=== Required action ===
When you return the data, keep every word exact and include none of the images.

(Dataset items)
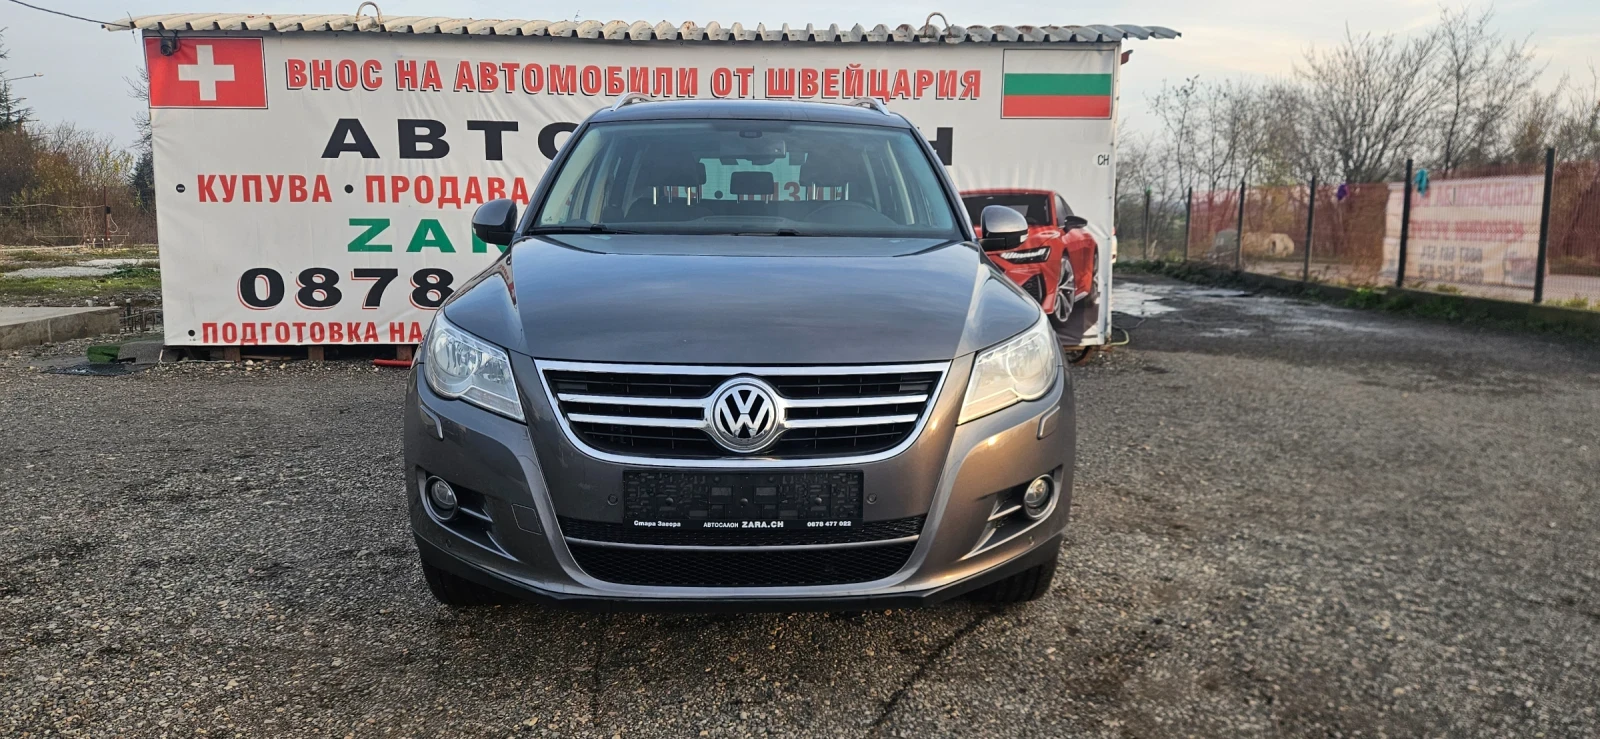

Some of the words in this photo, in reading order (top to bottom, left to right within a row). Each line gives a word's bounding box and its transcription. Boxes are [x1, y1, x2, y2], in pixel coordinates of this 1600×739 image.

[285, 58, 383, 92] ВНОС
[394, 59, 443, 92] НА
[453, 60, 698, 97] АВТОМОБИЛИ
[711, 67, 754, 98] ОТ
[765, 63, 982, 102] ШВЕЙЦАРИЯ
[197, 174, 333, 203] КУПУВА
[365, 175, 531, 209] ПРОДАВА
[237, 267, 456, 310] 0878
[202, 322, 379, 345] ПОДГОТОВКА
[389, 322, 424, 343] НА
[741, 520, 784, 528] ZARA.CH
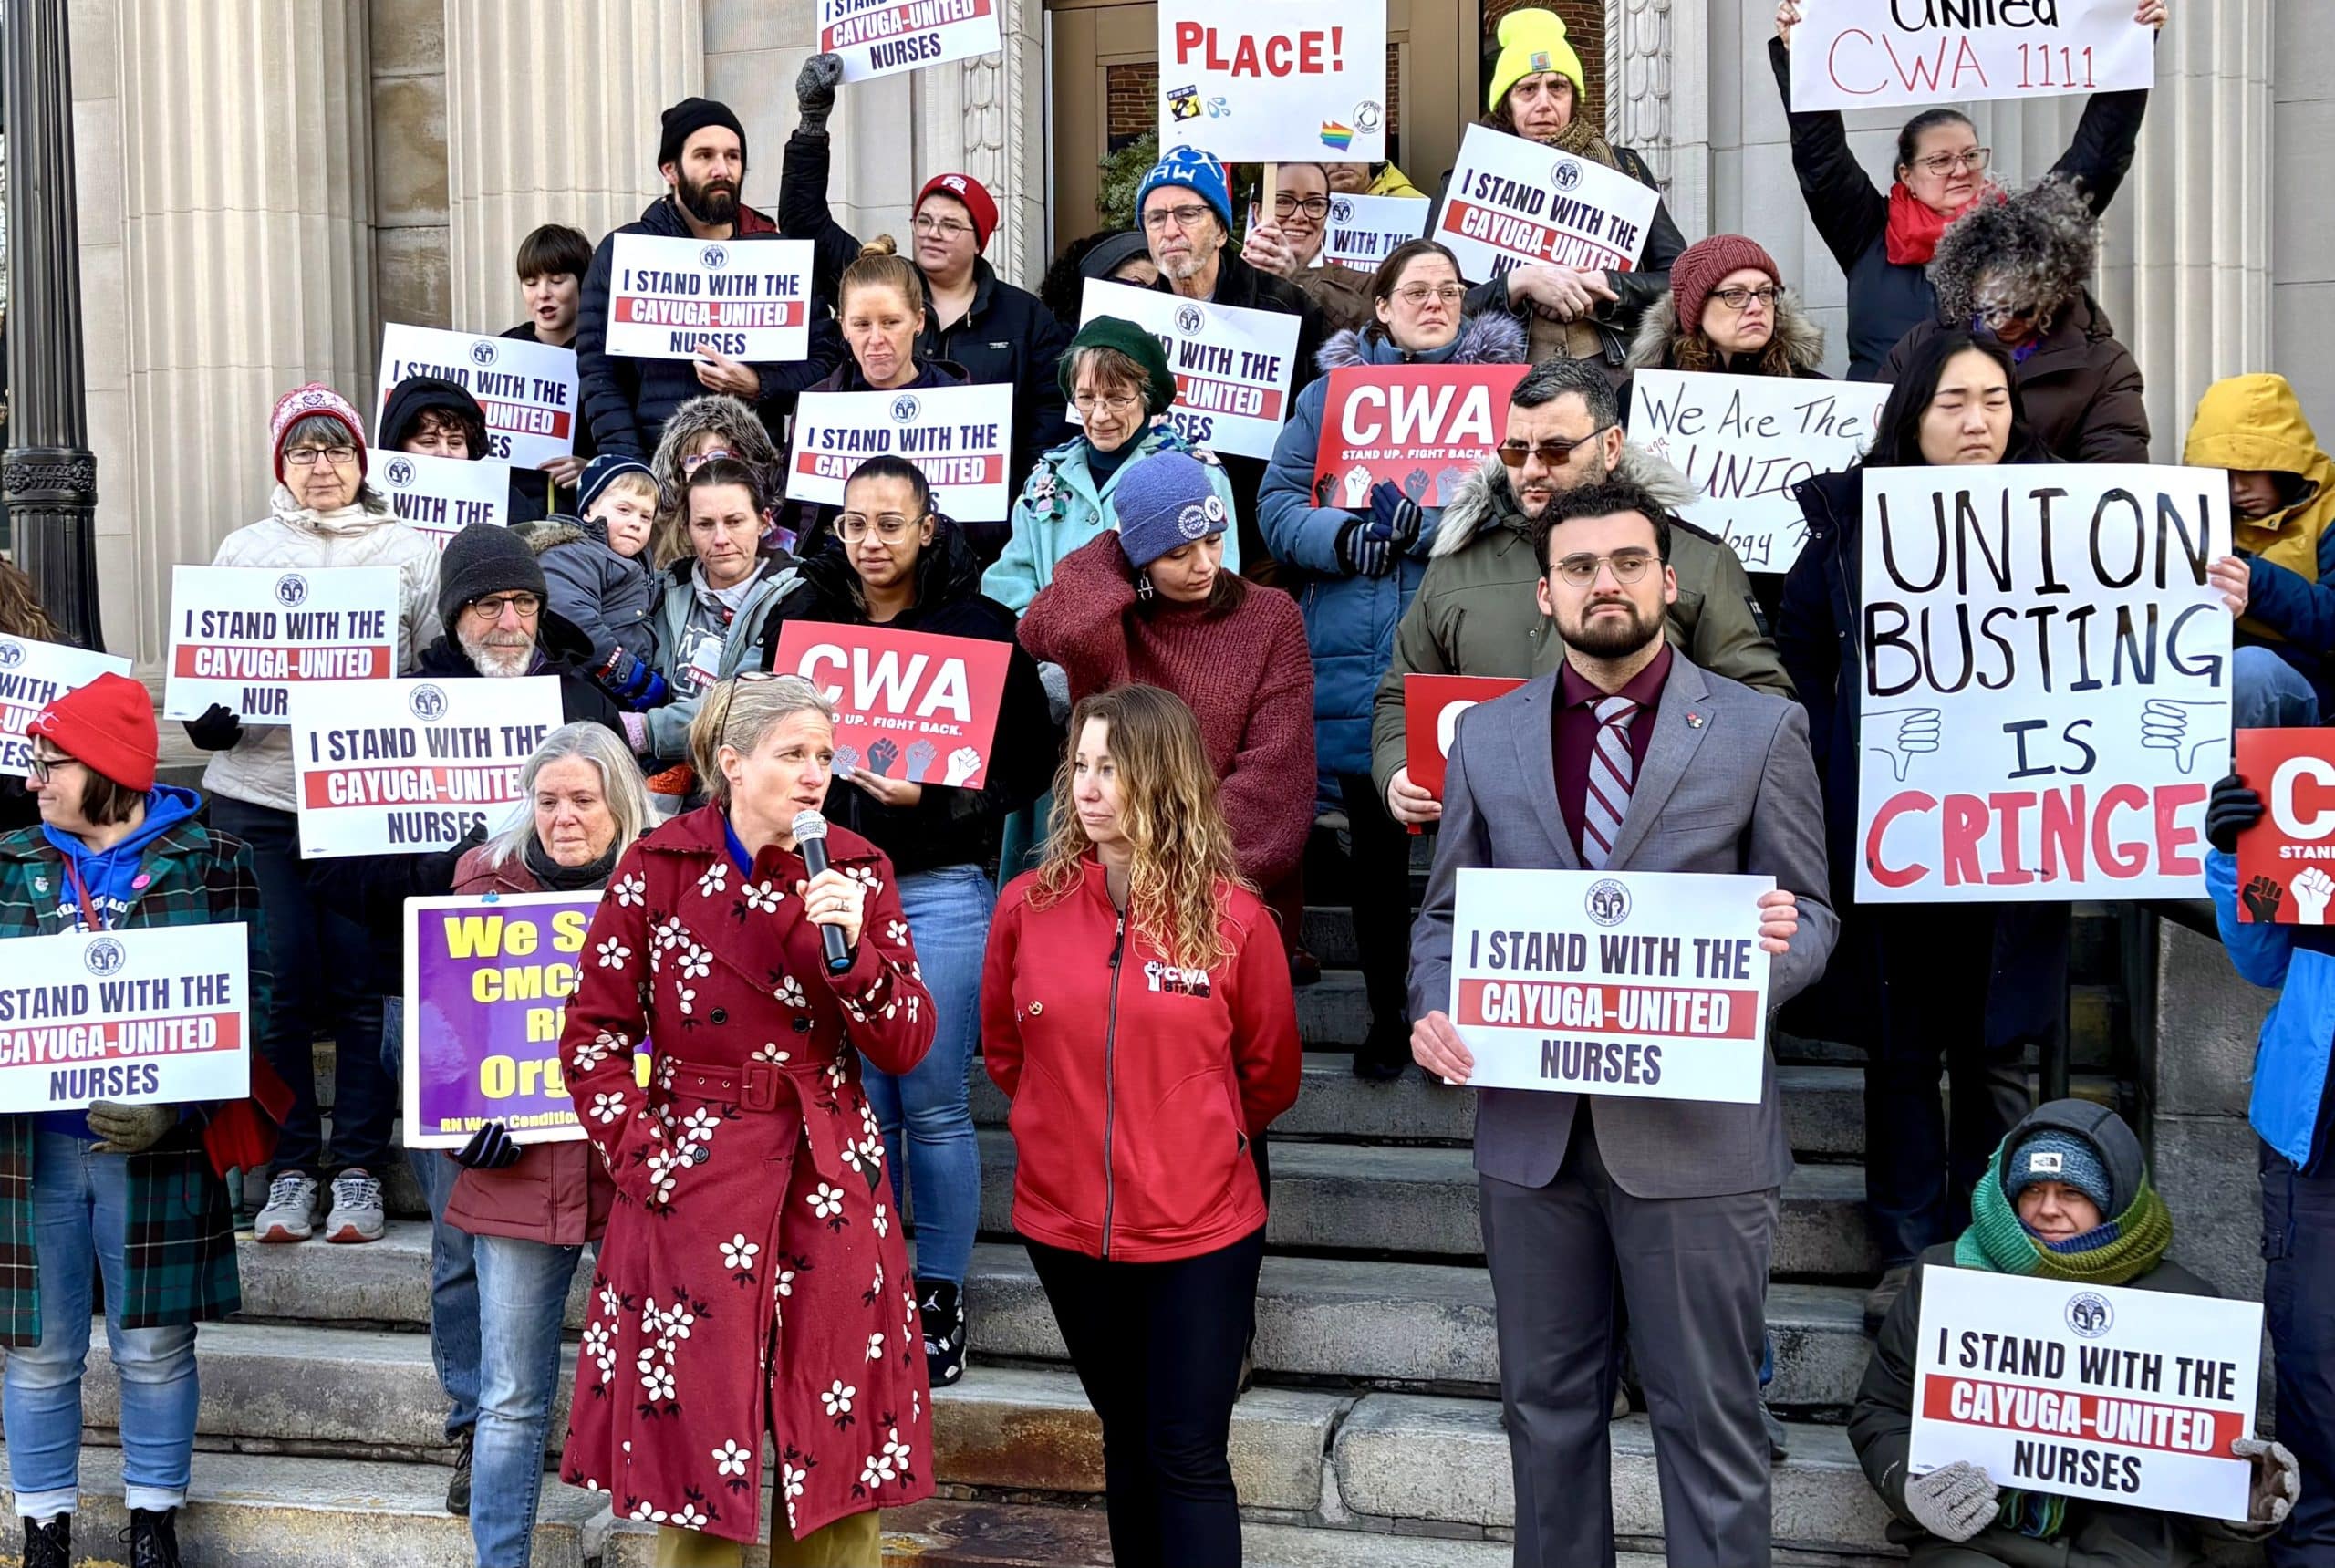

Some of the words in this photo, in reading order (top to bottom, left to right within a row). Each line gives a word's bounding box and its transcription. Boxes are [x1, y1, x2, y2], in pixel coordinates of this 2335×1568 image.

=== Solution to this exercise ===
Some of the words in this photo, in reading order (top to bottom, left to right within a row). Each line gives a word's bounding box and its transcription. Boxes are [x1, y1, x2, y2], in pixel coordinates of this 1600×739 image.

[285, 58, 383, 92] ВНОС
[394, 59, 443, 92] НА
[453, 60, 698, 97] АВТОМОБИЛИ
[711, 67, 754, 98] ОТ
[765, 63, 982, 102] ШВЕЙЦАРИЯ
[197, 174, 333, 203] КУПУВА
[365, 175, 531, 209] ПРОДАВА
[237, 267, 456, 310] 0878
[202, 322, 379, 345] ПОДГОТОВКА
[389, 322, 424, 343] НА
[741, 520, 784, 528] ZARA.CH

Some of the words in this photo, in reading order (top to bottom, left to right within a row). Each line gives a word's bounding box and its transcription. Boxes are [x1, y1, x2, y2], in pixel coordinates of this 2335×1568 image.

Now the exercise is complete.